▸ **What needs to be done**
What is needed is a word-for-word copy of the listing below, without pictures.

▸ **Material supplied**

══════

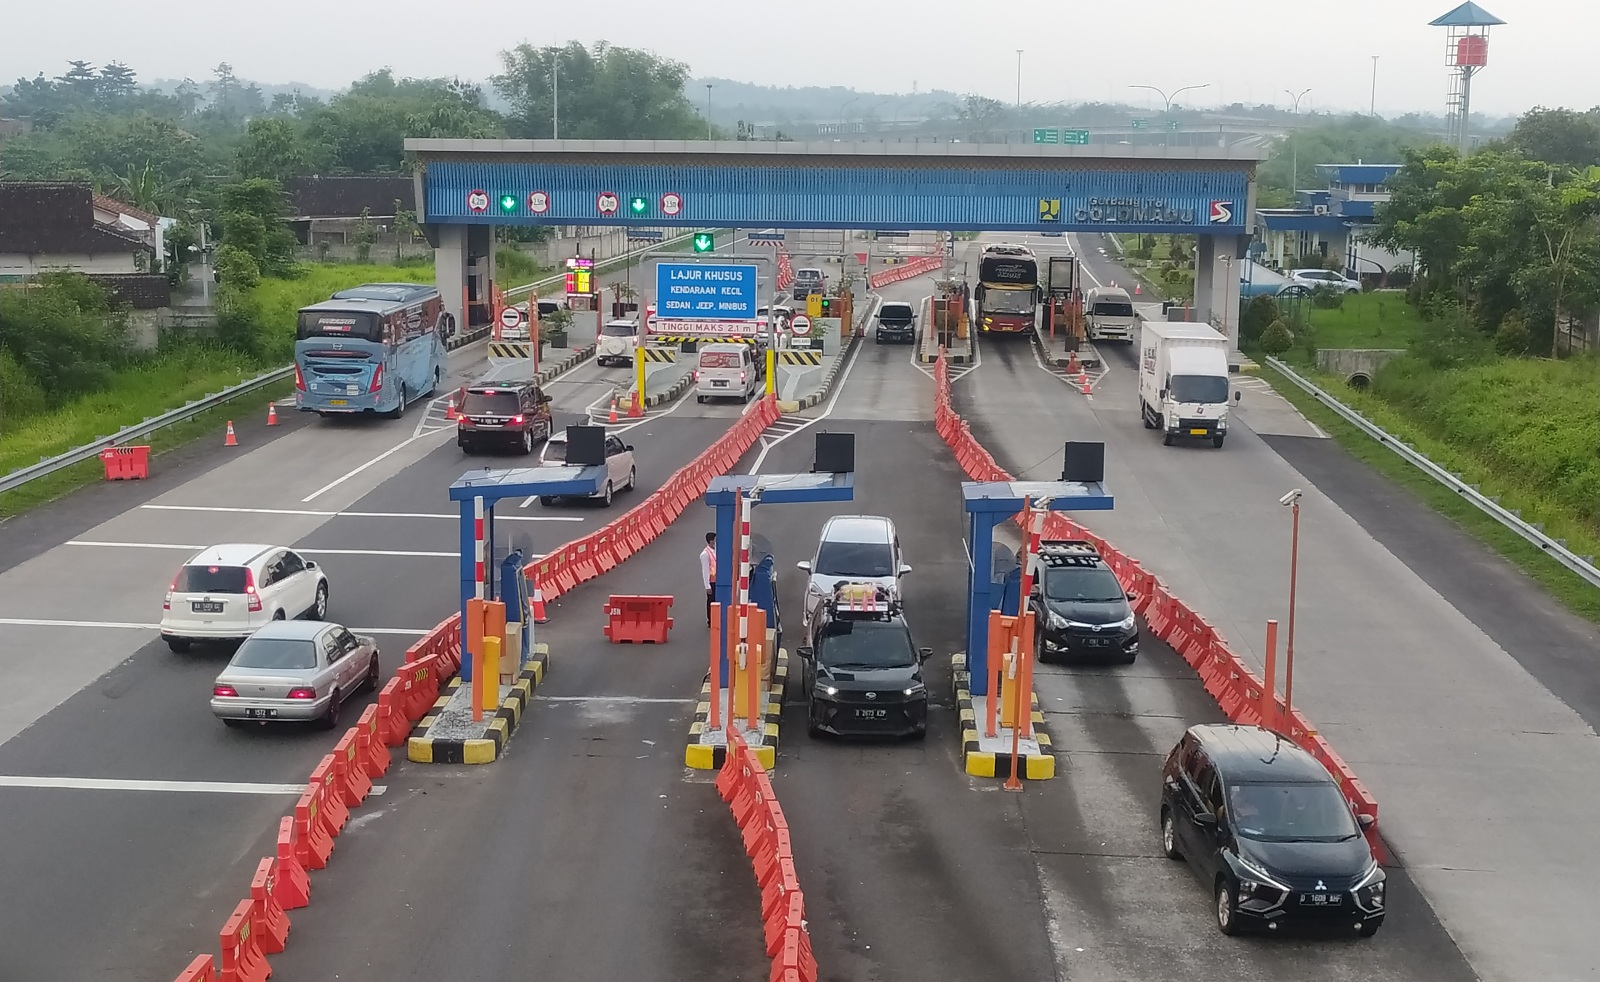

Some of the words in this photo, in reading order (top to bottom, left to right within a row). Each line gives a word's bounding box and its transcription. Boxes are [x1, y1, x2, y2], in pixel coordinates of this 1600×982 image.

[1075, 208, 1194, 222] COLOMADU
[670, 270, 701, 280] LAJUR
[704, 271, 743, 281] KHUSUS
[670, 286, 716, 295] KENDARAAN
[721, 287, 742, 295] KECIL
[718, 303, 747, 311] MINIBUS
[662, 323, 692, 331] TINGGI
[695, 323, 724, 332] MAKS
[727, 324, 739, 332] 2.1

══════

▸ **Response box**
Some of the words in this photo, in reading order (top to bottom, left to right within a row). Each line gives a word's bounding box and its transcription. Boxes are [x1, y1, x2, y2], in pixel coordinates of this 1600×982 image.

[1075, 208, 1194, 222] COLOMADU
[670, 270, 701, 280] LAJUR
[704, 271, 743, 281] KHUSUS
[670, 286, 716, 295] KENDARAAN
[721, 287, 742, 295] KECIL
[718, 303, 747, 311] MINIBUS
[662, 323, 692, 331] TINGGI
[695, 323, 724, 332] MAKS
[727, 324, 739, 332] 2.1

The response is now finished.